(Spatial localization data)
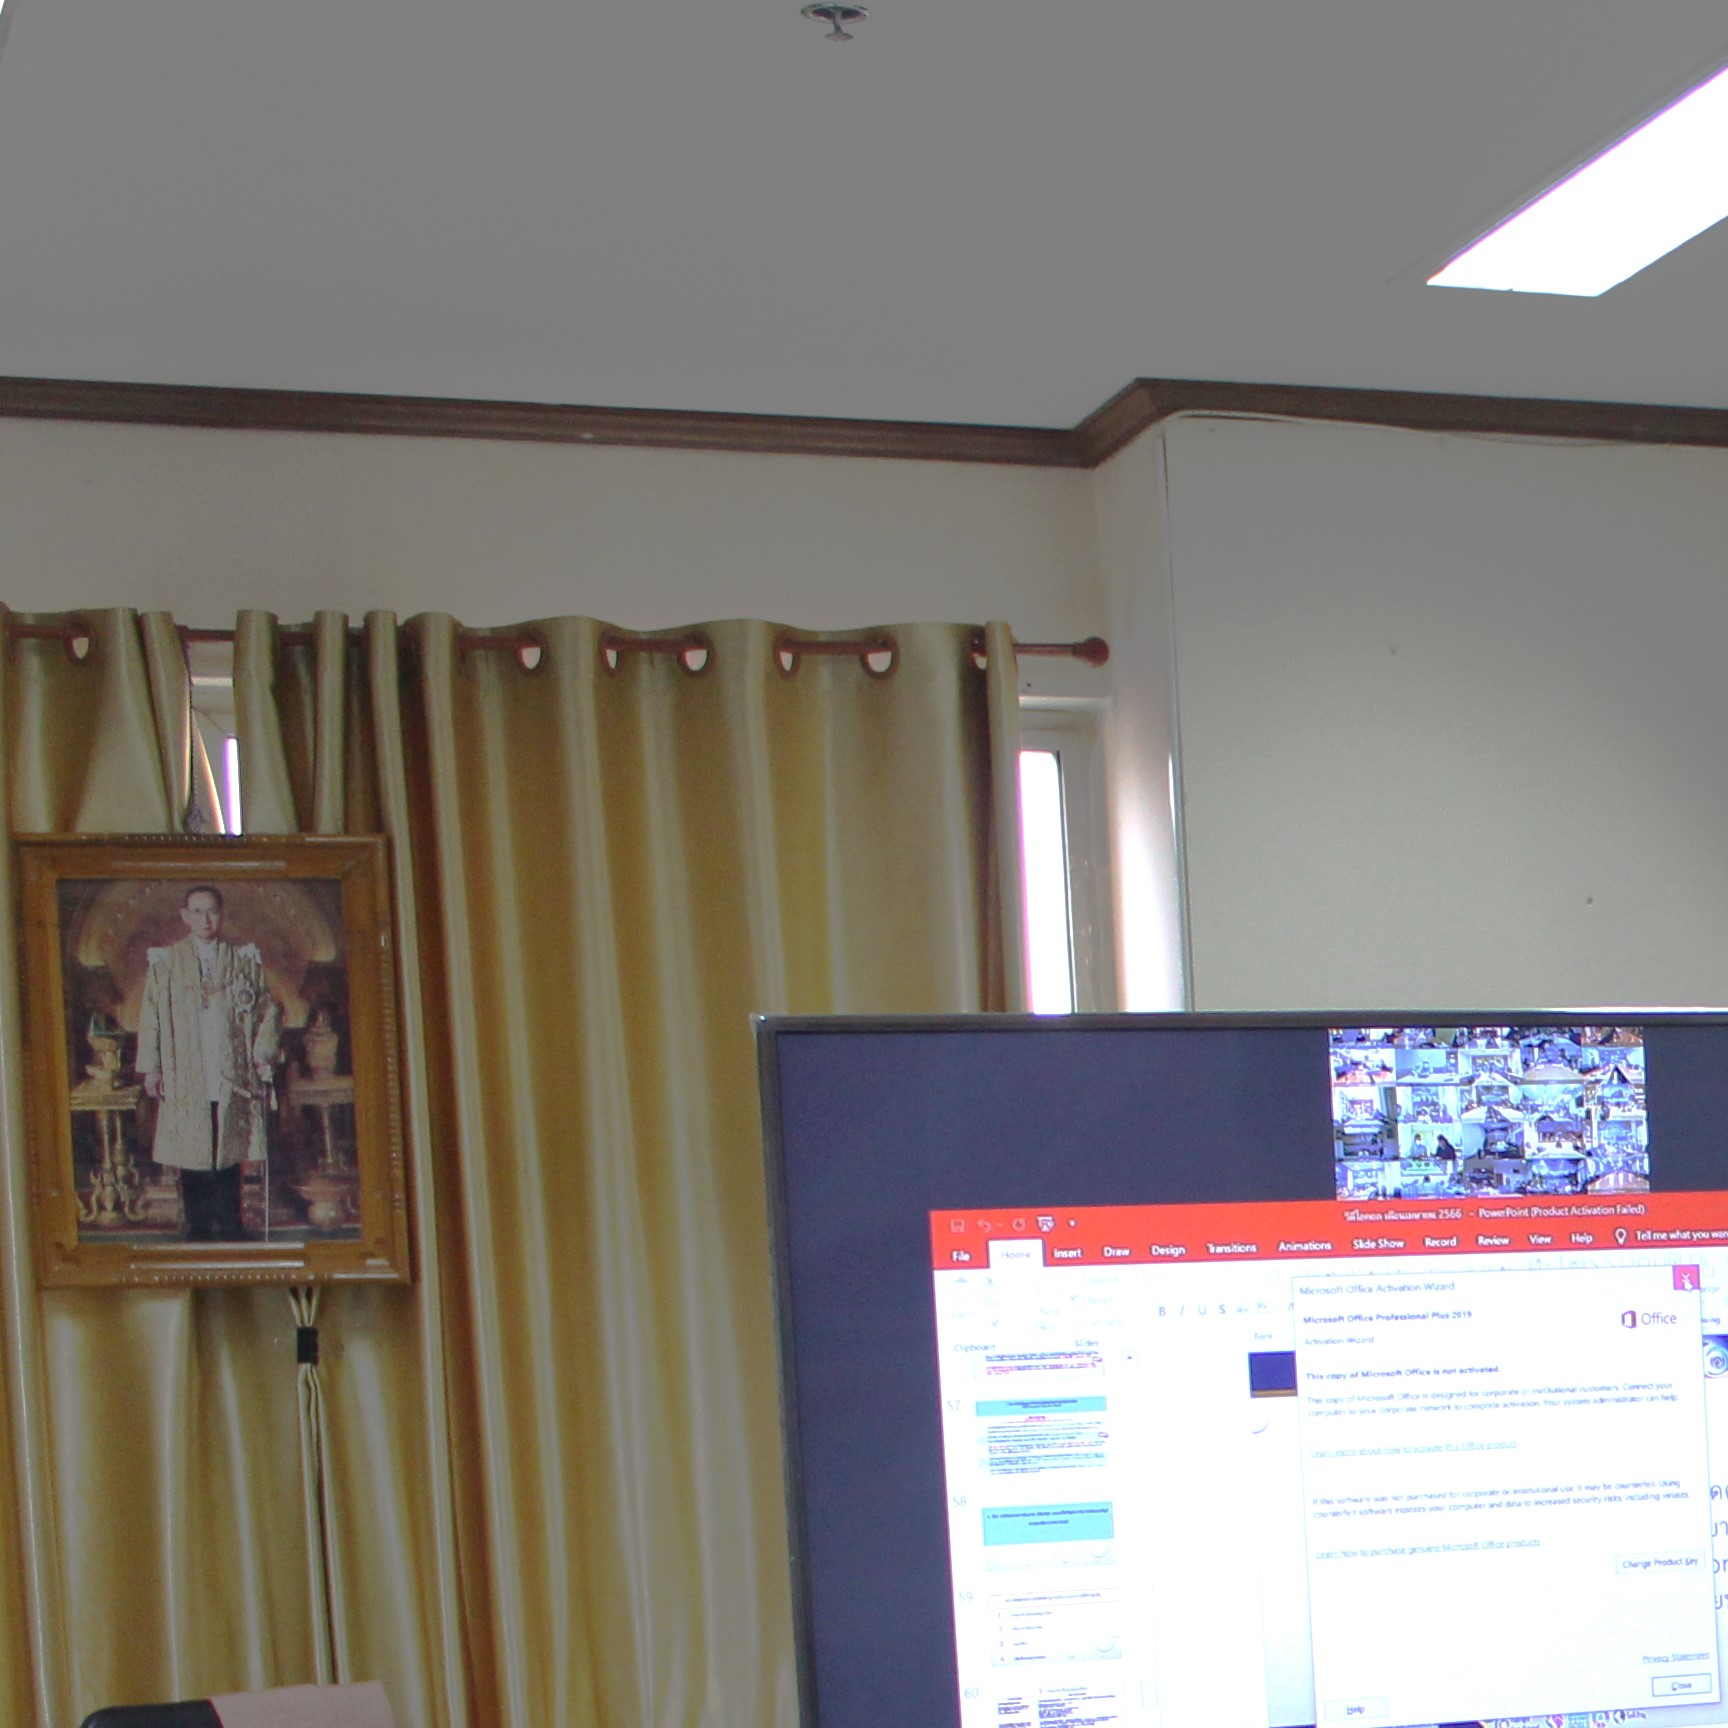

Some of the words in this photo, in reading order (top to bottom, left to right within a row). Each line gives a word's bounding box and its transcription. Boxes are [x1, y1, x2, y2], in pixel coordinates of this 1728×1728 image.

[1438, 1208, 1463, 1219] 2566
[1478, 1207, 1529, 1218] PowerPoint
[1532, 1205, 1569, 1218] (Product
[1570, 1205, 1614, 1216] Activation
[1616, 1204, 1645, 1216] Failed)
[1425, 1236, 1457, 1247] Record
[1478, 1235, 1509, 1246] Review
[1529, 1234, 1552, 1245] View
[1571, 1233, 1593, 1245] Help
[1636, 1231, 1652, 1241] Tell
[1669, 1229, 1692, 1239] what
[1693, 1231, 1710, 1242] you
[1206, 1242, 1257, 1254] Transitions
[1279, 1240, 1332, 1251] Animations
[1353, 1239, 1375, 1249] Slide
[1378, 1238, 1405, 1248] Show
[952, 1251, 970, 1262] File
[1001, 1250, 1031, 1259] Home
[1054, 1247, 1082, 1258] Insert
[1103, 1246, 1131, 1257] Draw
[1151, 1244, 1186, 1257] Design
[1299, 1284, 1344, 1296] Microsoft
[1346, 1283, 1374, 1294] Office
[1376, 1282, 1422, 1293] Activation
[1424, 1281, 1456, 1292] Wizard
[1303, 1315, 1345, 1325] Microsoft
[1347, 1313, 1374, 1323] Office
[1376, 1311, 1429, 1322] Professional
[1431, 1310, 1450, 1320] Plus
[1452, 1309, 1473, 1319] 2019
[1640, 1311, 1678, 1326] Office
[1304, 1336, 1344, 1347] Activation
[1346, 1335, 1375, 1345] Wizard
[954, 1343, 996, 1353] Clipboard
[1306, 1372, 1324, 1381] This
[1326, 1372, 1347, 1382] copy
[1361, 1368, 1403, 1379] Microsoft
[1404, 1367, 1432, 1377] Office
[1459, 1364, 1501, 1375] activated.
[1308, 1395, 1323, 1405] This
[1325, 1395, 1345, 1406] copy
[1357, 1393, 1395, 1403] Microsoft
[1397, 1392, 1420, 1402] Office
[1431, 1390, 1467, 1402] designed
[1482, 1389, 1520, 1399] corporate
[1531, 1386, 1577, 1395] institutional
[1622, 1382, 1654, 1392] Connect
[1656, 1382, 1673, 1393] your
[1308, 1408, 1346, 1419] computer
[1379, 1405, 1418, 1416] corporate
[1420, 1403, 1452, 1413] network
[1464, 1401, 1500, 1412] complete
[1563, 1398, 1591, 1408] system
[1461, 1441, 1485, 1451] Office
[1319, 1496, 1335, 1506] this
[1336, 1495, 1372, 1505] software
[1405, 1492, 1448, 1503] purchased
[1461, 1489, 1501, 1500] corporate
[1584, 1483, 1601, 1493] may
[1658, 1478, 1681, 1490] Using
[1312, 1509, 1358, 1519] counterfeit
[1358, 1507, 1393, 1517] software
[1394, 1506, 1427, 1516] exposes
[1428, 1504, 1447, 1514] your
[1448, 1501, 1487, 1513] computer
[1504, 1499, 1523, 1509] data
[1534, 1496, 1571, 1507] increased
[1572, 1494, 1602, 1506] security
[1625, 1491, 1661, 1503] including
[1340, 1548, 1358, 1558] how
[1370, 1545, 1407, 1557] purchase
[1442, 1541, 1480, 1552] Microsoft
[1481, 1539, 1505, 1550] Office
[1506, 1538, 1541, 1550] products
[1622, 1560, 1652, 1570] Change
[1653, 1558, 1683, 1568] Product
[1642, 1654, 1670, 1664] Privacy
[964, 1687, 979, 1699] 60
[1347, 1704, 1365, 1716] Help

#### [Exercise brief]
Give back the records exactly, minus any pictures.

#### [Result for this exercise]
Some of the words in this photo, in reading order (top to bottom, left to right within a row). Each line gives a word's bounding box and its transcription. Boxes are [x1, y1, x2, y2], in pixel coordinates of this 1728×1728 image.

[1438, 1208, 1463, 1219] 2566
[1478, 1207, 1529, 1218] PowerPoint
[1532, 1205, 1569, 1218] (Product
[1570, 1205, 1614, 1216] Activation
[1616, 1204, 1645, 1216] Failed)
[1425, 1236, 1457, 1247] Record
[1478, 1235, 1509, 1246] Review
[1529, 1234, 1552, 1245] View
[1571, 1233, 1593, 1245] Help
[1636, 1231, 1652, 1241] Tell
[1669, 1229, 1692, 1239] what
[1693, 1231, 1710, 1242] you
[1206, 1242, 1257, 1254] Transitions
[1279, 1240, 1332, 1251] Animations
[1353, 1239, 1375, 1249] Slide
[1378, 1238, 1405, 1248] Show
[952, 1251, 970, 1262] File
[1001, 1250, 1031, 1259] Home
[1054, 1247, 1082, 1258] Insert
[1103, 1246, 1131, 1257] Draw
[1151, 1244, 1186, 1257] Design
[1299, 1284, 1344, 1296] Microsoft
[1346, 1283, 1374, 1294] Office
[1376, 1282, 1422, 1293] Activation
[1424, 1281, 1456, 1292] Wizard
[1303, 1315, 1345, 1325] Microsoft
[1347, 1313, 1374, 1323] Office
[1376, 1311, 1429, 1322] Professional
[1431, 1310, 1450, 1320] Plus
[1452, 1309, 1473, 1319] 2019
[1640, 1311, 1678, 1326] Office
[1304, 1336, 1344, 1347] Activation
[1346, 1335, 1375, 1345] Wizard
[954, 1343, 996, 1353] Clipboard
[1306, 1372, 1324, 1381] This
[1326, 1372, 1347, 1382] copy
[1361, 1368, 1403, 1379] Microsoft
[1404, 1367, 1432, 1377] Office
[1459, 1364, 1501, 1375] activated.
[1308, 1395, 1323, 1405] This
[1325, 1395, 1345, 1406] copy
[1357, 1393, 1395, 1403] Microsoft
[1397, 1392, 1420, 1402] Office
[1431, 1390, 1467, 1402] designed
[1482, 1389, 1520, 1399] corporate
[1531, 1386, 1577, 1395] institutional
[1622, 1382, 1654, 1392] Connect
[1656, 1382, 1673, 1393] your
[1308, 1408, 1346, 1419] computer
[1379, 1405, 1418, 1416] corporate
[1420, 1403, 1452, 1413] network
[1464, 1401, 1500, 1412] complete
[1563, 1398, 1591, 1408] system
[1461, 1441, 1485, 1451] Office
[1319, 1496, 1335, 1506] this
[1336, 1495, 1372, 1505] software
[1405, 1492, 1448, 1503] purchased
[1461, 1489, 1501, 1500] corporate
[1584, 1483, 1601, 1493] may
[1658, 1478, 1681, 1490] Using
[1312, 1509, 1358, 1519] counterfeit
[1358, 1507, 1393, 1517] software
[1394, 1506, 1427, 1516] exposes
[1428, 1504, 1447, 1514] your
[1448, 1501, 1487, 1513] computer
[1504, 1499, 1523, 1509] data
[1534, 1496, 1571, 1507] increased
[1572, 1494, 1602, 1506] security
[1625, 1491, 1661, 1503] including
[1340, 1548, 1358, 1558] how
[1370, 1545, 1407, 1557] purchase
[1442, 1541, 1480, 1552] Microsoft
[1481, 1539, 1505, 1550] Office
[1506, 1538, 1541, 1550] products
[1622, 1560, 1652, 1570] Change
[1653, 1558, 1683, 1568] Product
[1642, 1654, 1670, 1664] Privacy
[964, 1687, 979, 1699] 60
[1347, 1704, 1365, 1716] Help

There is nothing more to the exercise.